Structure of the aqueous solvated electron from resonance Raman spectroscopy: lessons from isotopic mixtures.

Abstract

The structure and thermodynamics of the hydrated electron are probed with resonance Raman spectroscopy of isotopic mixtures of H(2)O and D(2)O. The strongly enhanced intramolecular bends of e(-)(H(2)O) and e(-)(D(2)O) produce single downshifted bands, whereas the e(-)(HOD) bend consists of two components: one slightly upshifted from the 1,446 cm(-1) bulk frequency to 1,457 cm(-1) and the other strongly downshifted to approximately 1,396 cm(-1). This 60 cm(-1) split and the 200 (120) cm(-1) downshifts of the OH (OD) stretch frequencies relative to bulk water reveal that the water molecules that are Franck-Condon coupled to the electron are in an asymmetric environment, with one proton forming a strong hydrogen bond to the electron.
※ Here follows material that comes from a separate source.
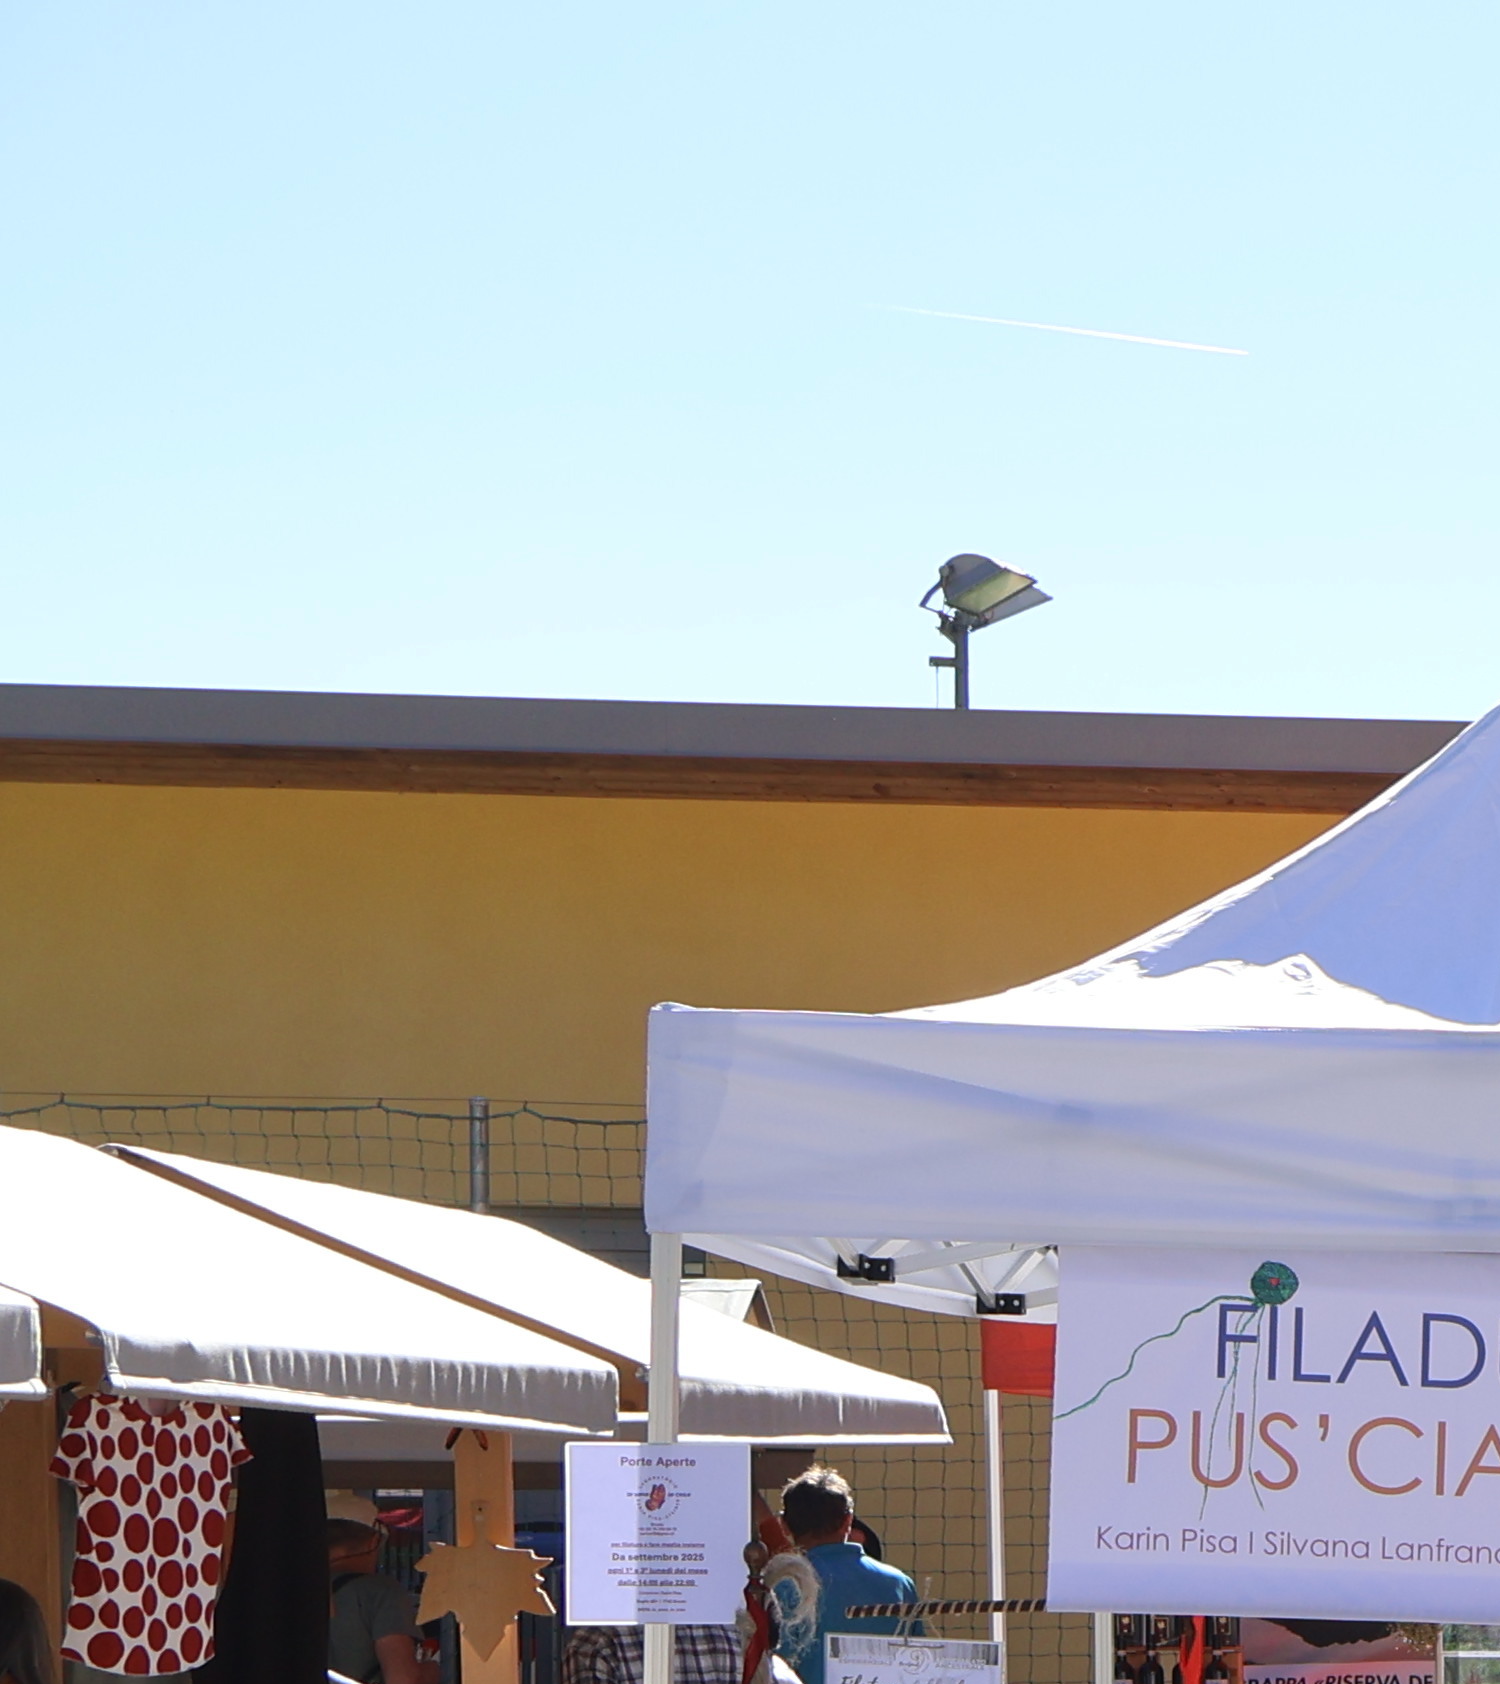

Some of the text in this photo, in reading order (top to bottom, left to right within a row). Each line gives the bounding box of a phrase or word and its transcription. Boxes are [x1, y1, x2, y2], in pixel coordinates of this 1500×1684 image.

The downshifted bend and librational frequencies also indicate significantly weakened torsional restoring forces on the water molecules of e(-)(aq), which suggests that the outlying proton is a poor hydrogen bond donor to the surrounding solvent. A 1.6-fold thermodynamic preference of the electron for H(2)O is observed based on the relative intensities of the e(-)(H(2)O) and e(-)(D(2)O) bands in a 50:50 isotopic mixture. This equilibrium isotope effect is consistent with the downshifted vibrational frequencies and a relative reduction of the zero-point energy of H(2)O bound to the electron. Our results enhance the cavity model of the solvated electron and support only those models that contain water monomers as opposed to other molecular species.